**Description of the task:** Output the records again verbatim.

------

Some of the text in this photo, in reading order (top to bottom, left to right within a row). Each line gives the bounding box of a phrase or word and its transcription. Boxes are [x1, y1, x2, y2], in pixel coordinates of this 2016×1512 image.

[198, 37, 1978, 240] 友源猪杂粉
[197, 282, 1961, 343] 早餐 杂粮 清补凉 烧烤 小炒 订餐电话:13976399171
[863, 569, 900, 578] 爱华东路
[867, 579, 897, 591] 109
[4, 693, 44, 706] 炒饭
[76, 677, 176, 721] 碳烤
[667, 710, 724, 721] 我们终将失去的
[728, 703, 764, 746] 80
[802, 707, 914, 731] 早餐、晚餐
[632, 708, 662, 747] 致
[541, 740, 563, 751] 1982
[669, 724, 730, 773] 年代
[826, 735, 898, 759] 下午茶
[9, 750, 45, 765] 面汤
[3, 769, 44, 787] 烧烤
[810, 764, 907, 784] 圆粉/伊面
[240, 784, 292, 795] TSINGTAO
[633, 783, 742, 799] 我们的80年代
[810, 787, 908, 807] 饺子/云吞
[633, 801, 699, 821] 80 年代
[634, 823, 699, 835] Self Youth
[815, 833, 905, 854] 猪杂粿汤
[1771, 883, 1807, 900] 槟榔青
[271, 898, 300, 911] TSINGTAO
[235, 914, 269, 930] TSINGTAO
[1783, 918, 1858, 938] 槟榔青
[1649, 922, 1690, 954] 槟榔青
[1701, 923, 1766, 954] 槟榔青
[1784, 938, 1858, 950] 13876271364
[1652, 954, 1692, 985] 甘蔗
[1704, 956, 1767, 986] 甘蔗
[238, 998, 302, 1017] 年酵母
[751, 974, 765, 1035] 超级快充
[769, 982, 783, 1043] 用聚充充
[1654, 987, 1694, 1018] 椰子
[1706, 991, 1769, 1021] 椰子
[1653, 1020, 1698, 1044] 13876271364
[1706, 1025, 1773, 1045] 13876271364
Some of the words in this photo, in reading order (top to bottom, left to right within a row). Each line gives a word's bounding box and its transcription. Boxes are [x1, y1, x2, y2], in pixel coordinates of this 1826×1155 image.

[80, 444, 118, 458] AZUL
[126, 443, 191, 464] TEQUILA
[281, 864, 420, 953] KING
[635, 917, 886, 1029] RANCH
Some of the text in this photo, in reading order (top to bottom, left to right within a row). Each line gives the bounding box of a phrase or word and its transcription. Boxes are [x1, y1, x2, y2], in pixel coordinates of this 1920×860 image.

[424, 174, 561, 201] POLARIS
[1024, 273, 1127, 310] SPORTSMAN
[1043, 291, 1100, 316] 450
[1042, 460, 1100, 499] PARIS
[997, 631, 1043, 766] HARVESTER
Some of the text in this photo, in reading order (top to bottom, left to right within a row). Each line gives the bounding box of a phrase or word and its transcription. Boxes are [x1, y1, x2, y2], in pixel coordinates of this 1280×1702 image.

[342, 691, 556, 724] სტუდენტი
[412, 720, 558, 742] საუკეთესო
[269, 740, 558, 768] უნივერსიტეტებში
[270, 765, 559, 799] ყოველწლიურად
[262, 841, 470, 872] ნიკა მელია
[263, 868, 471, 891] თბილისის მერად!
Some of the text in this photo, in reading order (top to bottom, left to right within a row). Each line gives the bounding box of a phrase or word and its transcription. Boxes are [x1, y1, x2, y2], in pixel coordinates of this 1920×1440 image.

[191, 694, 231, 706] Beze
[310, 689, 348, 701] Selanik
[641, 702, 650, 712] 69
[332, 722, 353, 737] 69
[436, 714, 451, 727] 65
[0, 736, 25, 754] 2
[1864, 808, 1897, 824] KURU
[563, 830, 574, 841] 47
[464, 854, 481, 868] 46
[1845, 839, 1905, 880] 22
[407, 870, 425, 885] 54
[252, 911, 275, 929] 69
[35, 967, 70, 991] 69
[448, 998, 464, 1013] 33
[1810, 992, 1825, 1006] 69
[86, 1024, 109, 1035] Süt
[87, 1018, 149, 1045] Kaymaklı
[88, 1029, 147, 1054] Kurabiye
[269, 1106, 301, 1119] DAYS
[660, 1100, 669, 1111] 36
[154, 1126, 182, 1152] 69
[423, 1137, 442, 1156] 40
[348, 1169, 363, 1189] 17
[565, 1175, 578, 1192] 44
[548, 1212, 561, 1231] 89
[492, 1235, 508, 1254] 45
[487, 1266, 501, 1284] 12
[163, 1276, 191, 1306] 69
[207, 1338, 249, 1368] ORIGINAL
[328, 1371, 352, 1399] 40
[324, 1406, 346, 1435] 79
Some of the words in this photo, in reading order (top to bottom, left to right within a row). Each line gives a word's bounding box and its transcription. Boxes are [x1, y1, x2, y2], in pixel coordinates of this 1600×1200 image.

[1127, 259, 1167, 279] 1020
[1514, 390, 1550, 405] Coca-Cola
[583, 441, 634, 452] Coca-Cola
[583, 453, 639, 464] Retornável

------

**Answer to the problem:**
Some of the text in this photo, in reading order (top to bottom, left to right within a row). Each line gives the bounding box of a phrase or word and its transcription. Boxes are [x1, y1, x2, y2], in pixel coordinates of this 2016×1512 image.

[198, 37, 1978, 240] 友源猪杂粉
[197, 282, 1961, 343] 早餐 杂粮 清补凉 烧烤 小炒 订餐电话:13976399171
[863, 569, 900, 578] 爱华东路
[867, 579, 897, 591] 109
[4, 693, 44, 706] 炒饭
[76, 677, 176, 721] 碳烤
[667, 710, 724, 721] 我们终将失去的
[728, 703, 764, 746] 80
[802, 707, 914, 731] 早餐、晚餐
[632, 708, 662, 747] 致
[541, 740, 563, 751] 1982
[669, 724, 730, 773] 年代
[826, 735, 898, 759] 下午茶
[9, 750, 45, 765] 面汤
[3, 769, 44, 787] 烧烤
[810, 764, 907, 784] 圆粉/伊面
[240, 784, 292, 795] TSINGTAO
[633, 783, 742, 799] 我们的80年代
[810, 787, 908, 807] 饺子/云吞
[633, 801, 699, 821] 80 年代
[634, 823, 699, 835] Self Youth
[815, 833, 905, 854] 猪杂粿汤
[1771, 883, 1807, 900] 槟榔青
[271, 898, 300, 911] TSINGTAO
[235, 914, 269, 930] TSINGTAO
[1783, 918, 1858, 938] 槟榔青
[1649, 922, 1690, 954] 槟榔青
[1701, 923, 1766, 954] 槟榔青
[1784, 938, 1858, 950] 13876271364
[1652, 954, 1692, 985] 甘蔗
[1704, 956, 1767, 986] 甘蔗
[238, 998, 302, 1017] 年酵母
[751, 974, 765, 1035] 超级快充
[769, 982, 783, 1043] 用聚充充
[1654, 987, 1694, 1018] 椰子
[1706, 991, 1769, 1021] 椰子
[1653, 1020, 1698, 1044] 13876271364
[1706, 1025, 1773, 1045] 13876271364
Some of the words in this photo, in reading order (top to bottom, left to right within a row). Each line gives a word's bounding box and its transcription. Boxes are [x1, y1, x2, y2], in pixel coordinates of this 1826×1155 image.

[80, 444, 118, 458] AZUL
[126, 443, 191, 464] TEQUILA
[281, 864, 420, 953] KING
[635, 917, 886, 1029] RANCH
Some of the text in this photo, in reading order (top to bottom, left to right within a row). Each line gives the bounding box of a phrase or word and its transcription. Boxes are [x1, y1, x2, y2], in pixel coordinates of this 1920×860 image.

[424, 174, 561, 201] POLARIS
[1024, 273, 1127, 310] SPORTSMAN
[1043, 291, 1100, 316] 450
[1042, 460, 1100, 499] PARIS
[997, 631, 1043, 766] HARVESTER
Some of the text in this photo, in reading order (top to bottom, left to right within a row). Each line gives the bounding box of a phrase or word and its transcription. Boxes are [x1, y1, x2, y2], in pixel coordinates of this 1280×1702 image.

[342, 691, 556, 724] სტუდენტი
[412, 720, 558, 742] საუკეთესო
[269, 740, 558, 768] უნივერსიტეტებში
[270, 765, 559, 799] ყოველწლიურად
[262, 841, 470, 872] ნიკა მელია
[263, 868, 471, 891] თბილისის მერად!
Some of the text in this photo, in reading order (top to bottom, left to right within a row). Each line gives the bounding box of a phrase or word and its transcription. Boxes are [x1, y1, x2, y2], in pixel coordinates of this 1920×1440 image.

[191, 694, 231, 706] Beze
[310, 689, 348, 701] Selanik
[641, 702, 650, 712] 69
[332, 722, 353, 737] 69
[436, 714, 451, 727] 65
[0, 736, 25, 754] 2
[1864, 808, 1897, 824] KURU
[563, 830, 574, 841] 47
[464, 854, 481, 868] 46
[1845, 839, 1905, 880] 22
[407, 870, 425, 885] 54
[252, 911, 275, 929] 69
[35, 967, 70, 991] 69
[448, 998, 464, 1013] 33
[1810, 992, 1825, 1006] 69
[86, 1024, 109, 1035] Süt
[87, 1018, 149, 1045] Kaymaklı
[88, 1029, 147, 1054] Kurabiye
[269, 1106, 301, 1119] DAYS
[660, 1100, 669, 1111] 36
[154, 1126, 182, 1152] 69
[423, 1137, 442, 1156] 40
[348, 1169, 363, 1189] 17
[565, 1175, 578, 1192] 44
[548, 1212, 561, 1231] 89
[492, 1235, 508, 1254] 45
[487, 1266, 501, 1284] 12
[163, 1276, 191, 1306] 69
[207, 1338, 249, 1368] ORIGINAL
[328, 1371, 352, 1399] 40
[324, 1406, 346, 1435] 79
Some of the words in this photo, in reading order (top to bottom, left to right within a row). Each line gives a word's bounding box and its transcription. Boxes are [x1, y1, x2, y2], in pixel coordinates of this 1600×1200 image.

[1127, 259, 1167, 279] 1020
[1514, 390, 1550, 405] Coca-Cola
[583, 441, 634, 452] Coca-Cola
[583, 453, 639, 464] Retornável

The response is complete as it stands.